=== Problem to work on ===
Excluding images, repeat the data exactly as given.

=== Given records ===

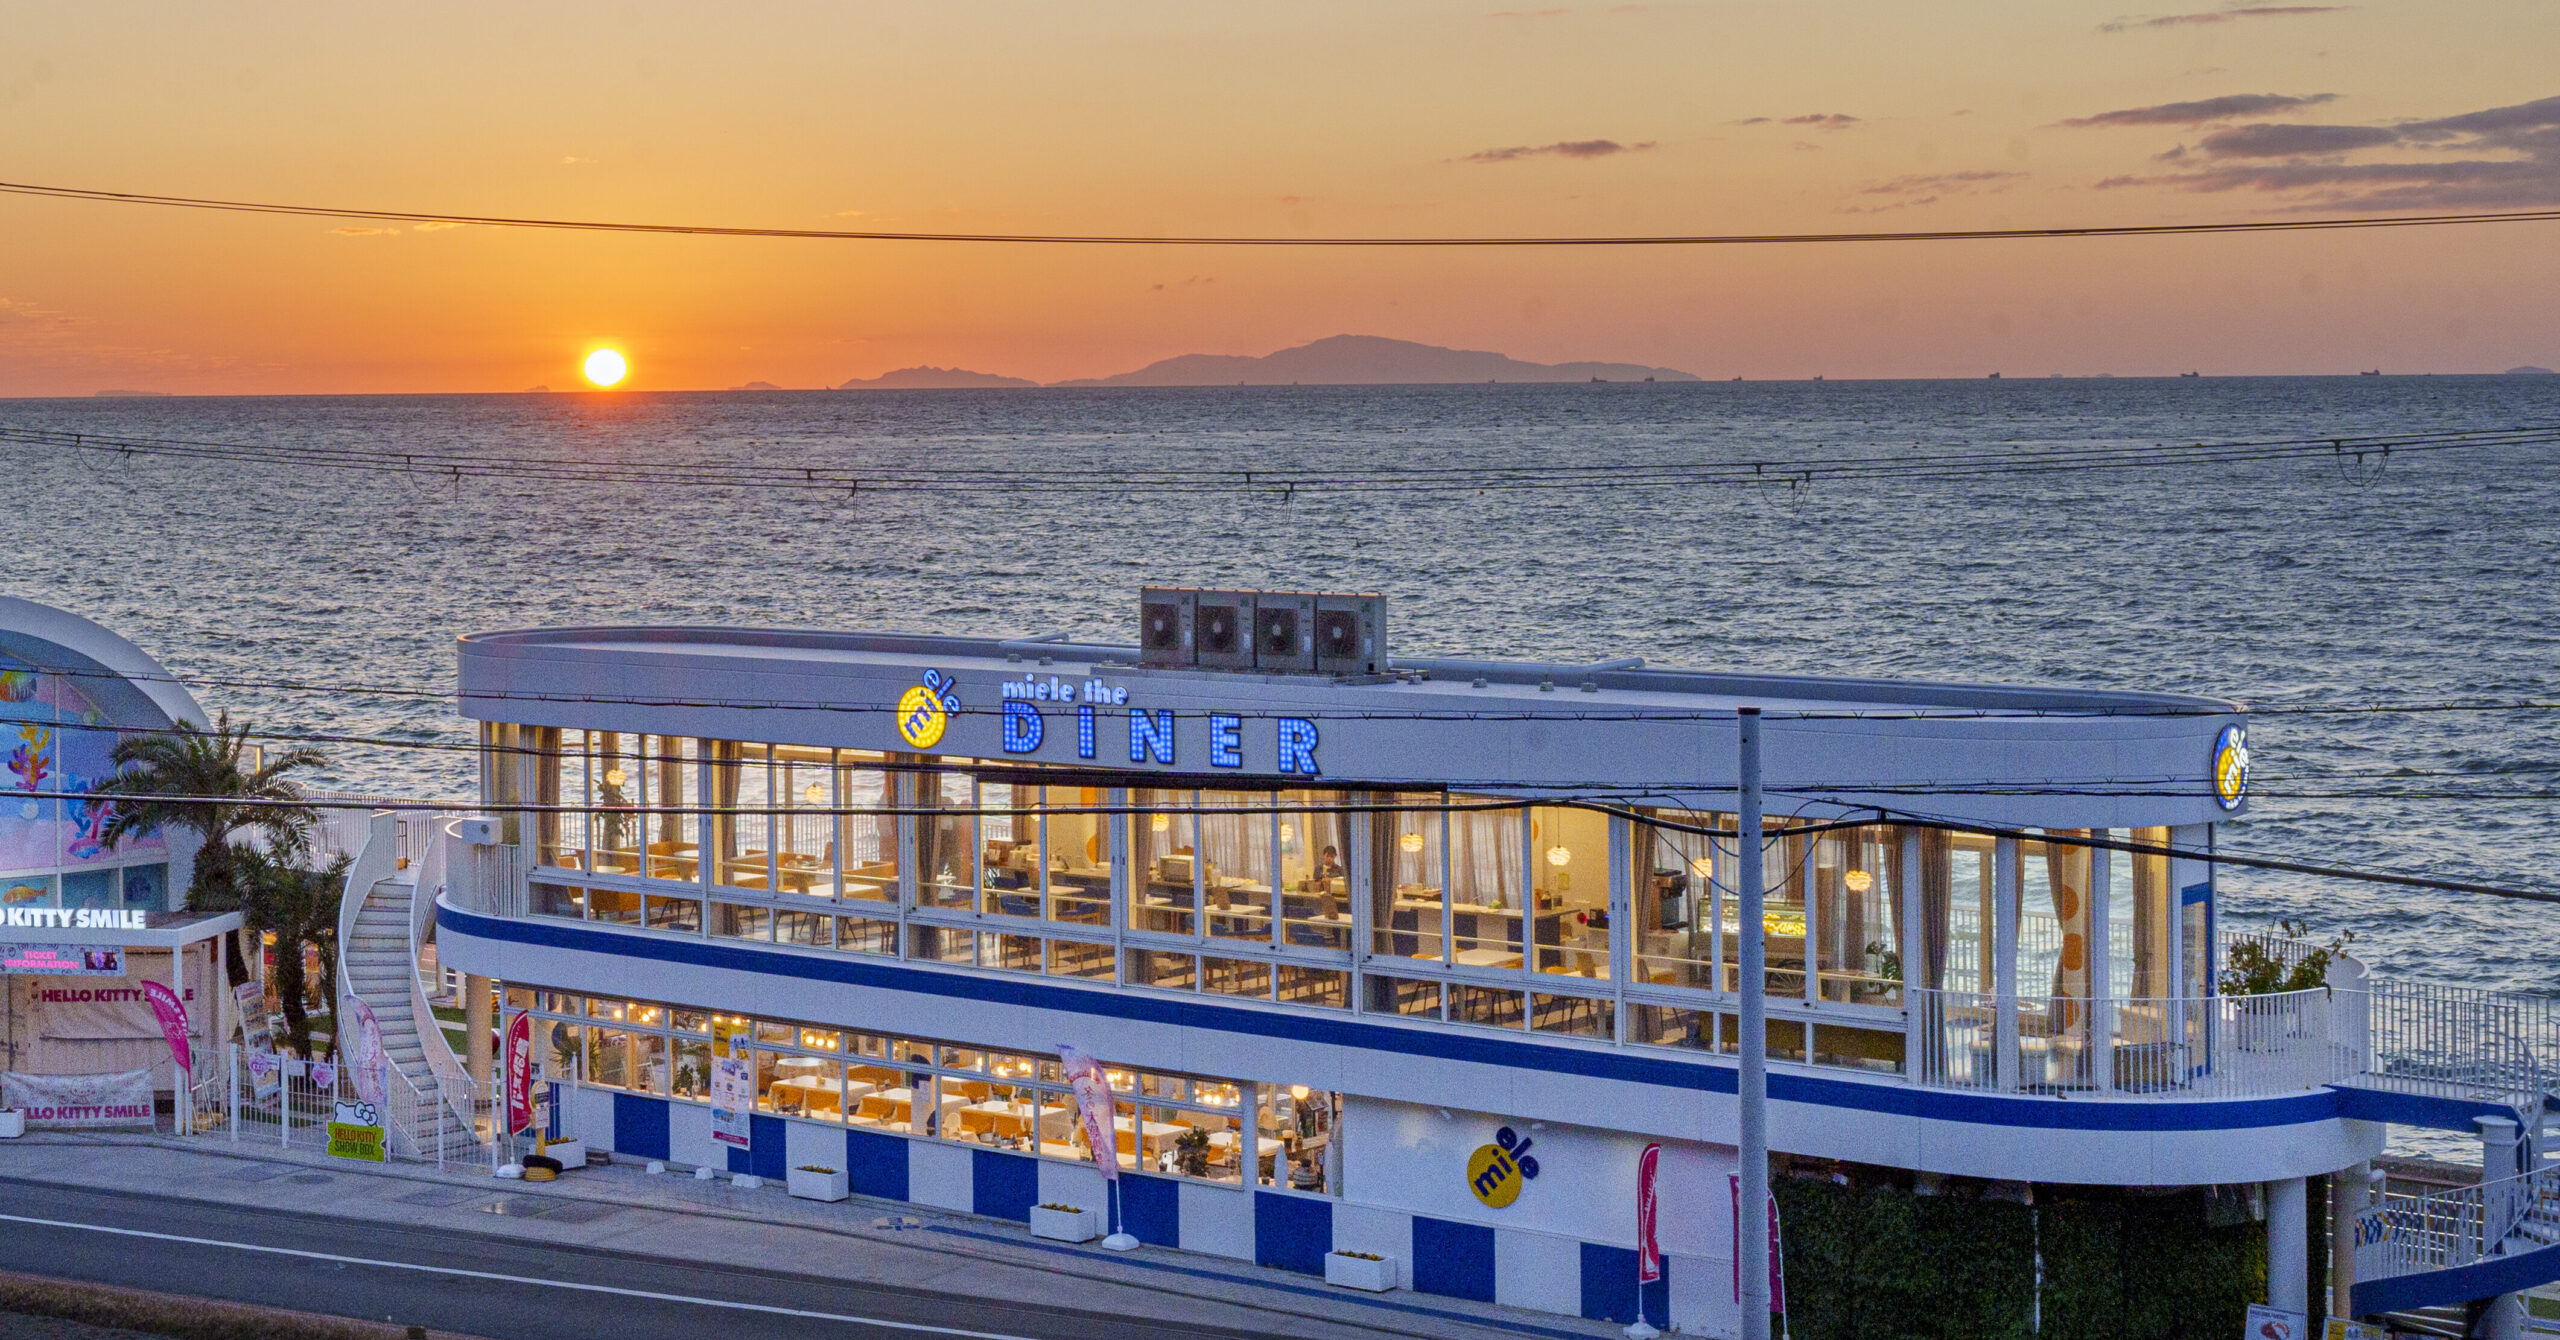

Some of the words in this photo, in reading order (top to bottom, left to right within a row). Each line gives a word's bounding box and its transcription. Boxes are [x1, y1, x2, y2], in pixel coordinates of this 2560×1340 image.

[1002, 673, 1076, 703] miele
[1083, 677, 1129, 706] the
[1002, 700, 1320, 774] DINER
[7, 907, 74, 928] KITTY
[76, 908, 146, 930] SMILE
[24, 950, 57, 960] TICKET
[5, 959, 79, 970] INFORMATION
[41, 988, 92, 1003] HELLO
[95, 988, 142, 1003] KITTY
[24, 1106, 54, 1120] LLO
[57, 1106, 101, 1120] KITTY
[104, 1104, 150, 1118] SMILE
[335, 1127, 356, 1141] HELLO
[357, 1130, 377, 1144] KITTY
[335, 1139, 358, 1153] SHOW
[360, 1143, 375, 1155] BOX

=== Written response ===
Some of the words in this photo, in reading order (top to bottom, left to right within a row). Each line gives a word's bounding box and its transcription. Boxes are [x1, y1, x2, y2], in pixel coordinates of this 2560×1340 image.

[1002, 673, 1076, 703] miele
[1083, 677, 1129, 706] the
[1002, 700, 1320, 774] DINER
[7, 907, 74, 928] KITTY
[76, 908, 146, 930] SMILE
[24, 950, 57, 960] TICKET
[5, 959, 79, 970] INFORMATION
[41, 988, 92, 1003] HELLO
[95, 988, 142, 1003] KITTY
[24, 1106, 54, 1120] LLO
[57, 1106, 101, 1120] KITTY
[104, 1104, 150, 1118] SMILE
[335, 1127, 356, 1141] HELLO
[357, 1130, 377, 1144] KITTY
[335, 1139, 358, 1153] SHOW
[360, 1143, 375, 1155] BOX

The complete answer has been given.